Brown delivers her narrative in short paragraphs, often disjointed rather than linear, capturing the thoughts of a woman at a difficult juncture in her life. A health crisis, a promotion hedged about with compromise and her attendance at this celebration of a couple deeply embedded in the British establishment has prompted her to think about the trajectory her life has taken. Brown explores themes of class, gender, race and colonialism through her narrator’s thoughts in language that is detached and precise, made all the more powerful by the economy of their expression. It’s a discomfiting read, one which, despite its brevity, gives you more to think about than many novels which deal with similar themes. I found myself constantly noting down quotes to come back to.

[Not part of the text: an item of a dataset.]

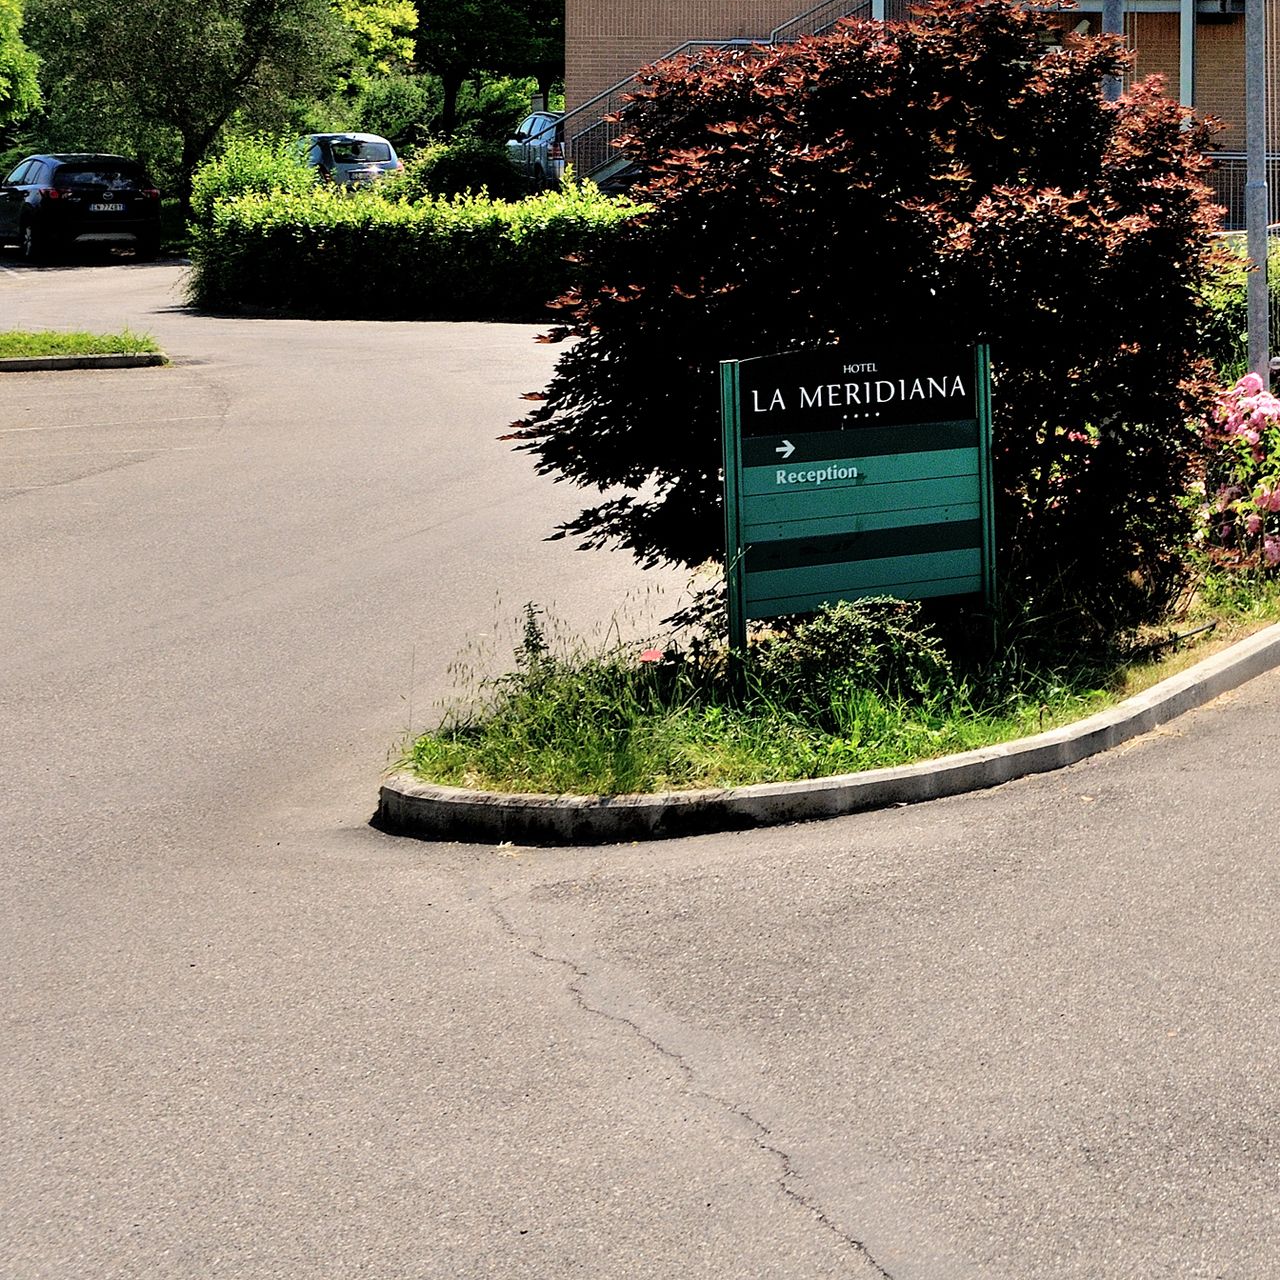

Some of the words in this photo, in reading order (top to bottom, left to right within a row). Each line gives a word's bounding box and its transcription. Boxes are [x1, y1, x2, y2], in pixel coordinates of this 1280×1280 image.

[842, 362, 878, 374] HOTEL
[751, 388, 787, 413] LA
[798, 374, 967, 410] MERIDIANA
[775, 464, 859, 486] Reception

An extraordinarily impressive, confident debut which left me eager to read whatever Brown writes next.

Hamish Hamilton: London 9780241515709 112 pages Hardback

21 thoughts on “Assembly by Natasha Brown: ‘To protect myself, I detach’”

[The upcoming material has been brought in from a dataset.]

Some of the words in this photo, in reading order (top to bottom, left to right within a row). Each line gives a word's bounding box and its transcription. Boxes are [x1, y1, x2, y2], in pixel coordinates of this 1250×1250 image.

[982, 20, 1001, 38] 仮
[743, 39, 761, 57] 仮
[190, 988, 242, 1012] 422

  1. I’m glad to see that you found Assembly very impressive, Susan, albeit somewhat discomfiting. It seems to be everywhere at the moment (which can be a bit of a double-edged sword), but it’s great to hear that it lives up to the buzz.

  2. I really struggled with this one – I found it terribly confusing and couldn’t work out what was going on, yet found it hard to just go with the flow. There were some powerful sections on microaggressions and the Windrush scandal (interestingly, I found the passages on the latter some of the more explicit ones). You pulled out the details about the poster girl for diversity / coffee maker very perceptively. It wasn’t for me but I’m glad it got published.

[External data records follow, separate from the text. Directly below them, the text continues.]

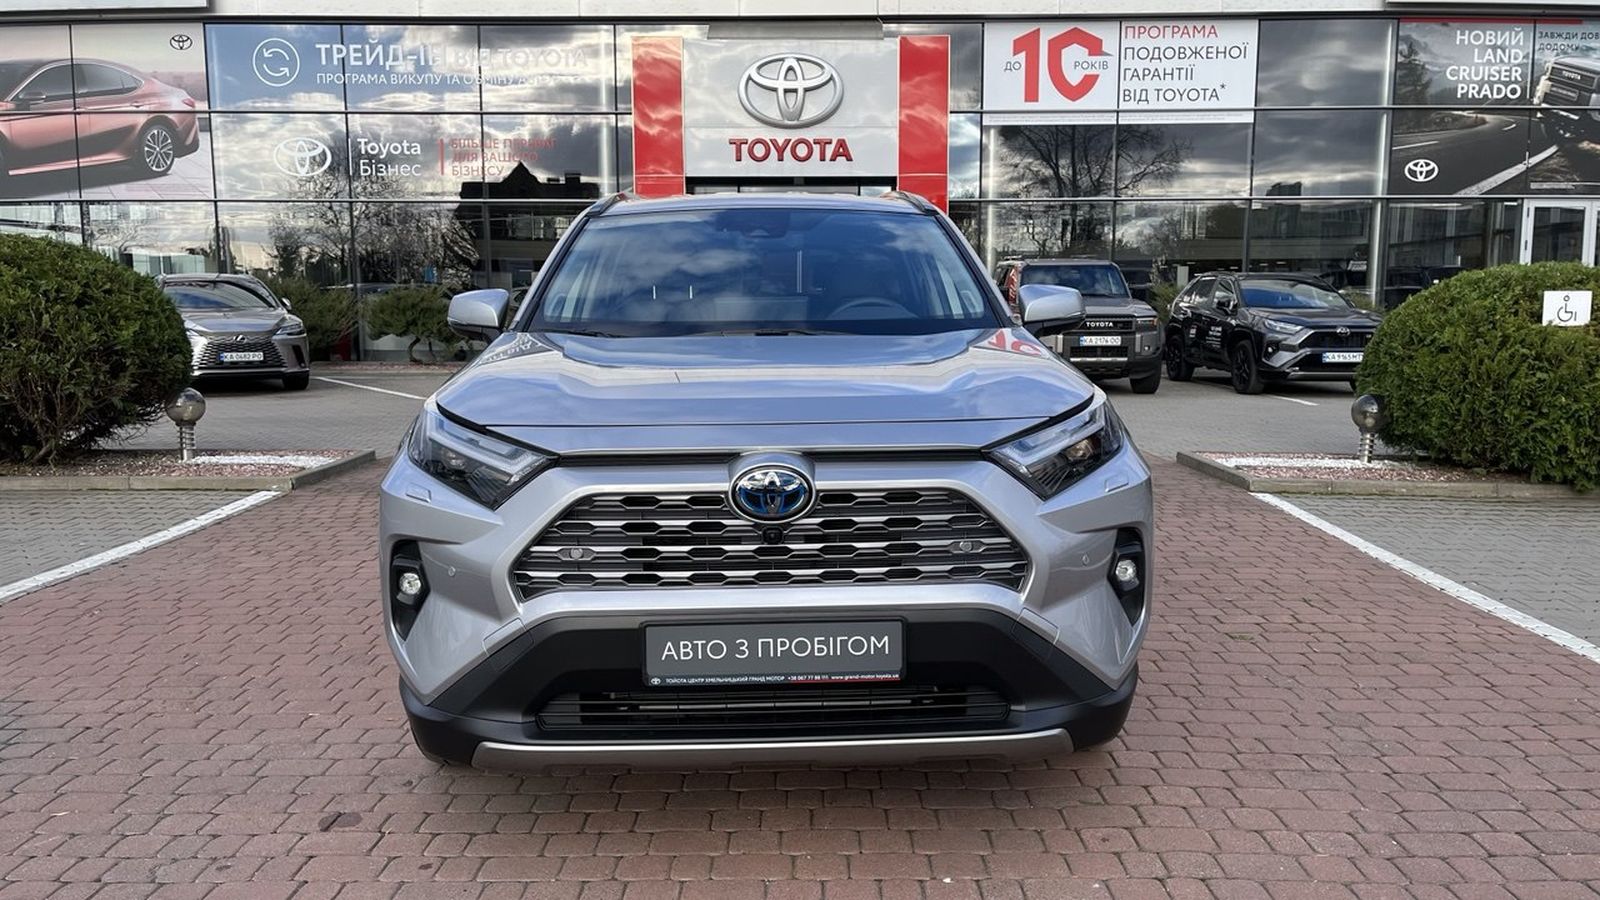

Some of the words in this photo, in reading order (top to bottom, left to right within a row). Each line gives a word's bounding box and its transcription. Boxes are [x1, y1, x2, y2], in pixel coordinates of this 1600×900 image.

[1124, 25, 1218, 39] ПРОГРАМА
[1456, 27, 1524, 46] НОВИЙ
[1538, 31, 1579, 40] ЗАВЖДИ
[1123, 42, 1249, 62] ПОДОВЖЕНОЇ
[1474, 48, 1523, 64] LAND
[1004, 61, 1022, 72] ДО
[1073, 61, 1109, 71] РОКІВ
[1122, 64, 1195, 82] ГАРАНТІЇ
[1446, 66, 1522, 81] CRUISER
[316, 73, 387, 85] ПРОГРАМА
[390, 73, 442, 85] ВИКУПУ
[446, 74, 460, 85] ТА
[1122, 88, 1149, 105] ВІД
[1457, 83, 1522, 99] PRADO
[357, 138, 421, 158] Toyota
[729, 138, 853, 162] TOYOTA
[359, 159, 421, 176] Бізнес
[661, 640, 727, 660] АВТО
[757, 635, 889, 658] ПРОБІГОМ

    1. Oh, I’m sorry to hear that. I’m a fan of fragmented narratives which might explain our very different reactions. Absolutely agree about its publication though.

  3. Liz’s response to this one landed it on my TBR (ironically) and yours has secured its place there. I was also struck by how the inner cover illustration seems like an Angela Thirkell novel…but obvs not at all that kind of story!

    1. Ha! Well, that suggests the designers got it right in trying to convey the idea of the British establishment. Delighted to hear it’s won a place in your TBR.

  4. You had me at “poster girl for diversity”… an interesting and complicated topic. It’s definitely on my list – I just hope I can find it.
    The structure you described makes me think of Jenny Offill…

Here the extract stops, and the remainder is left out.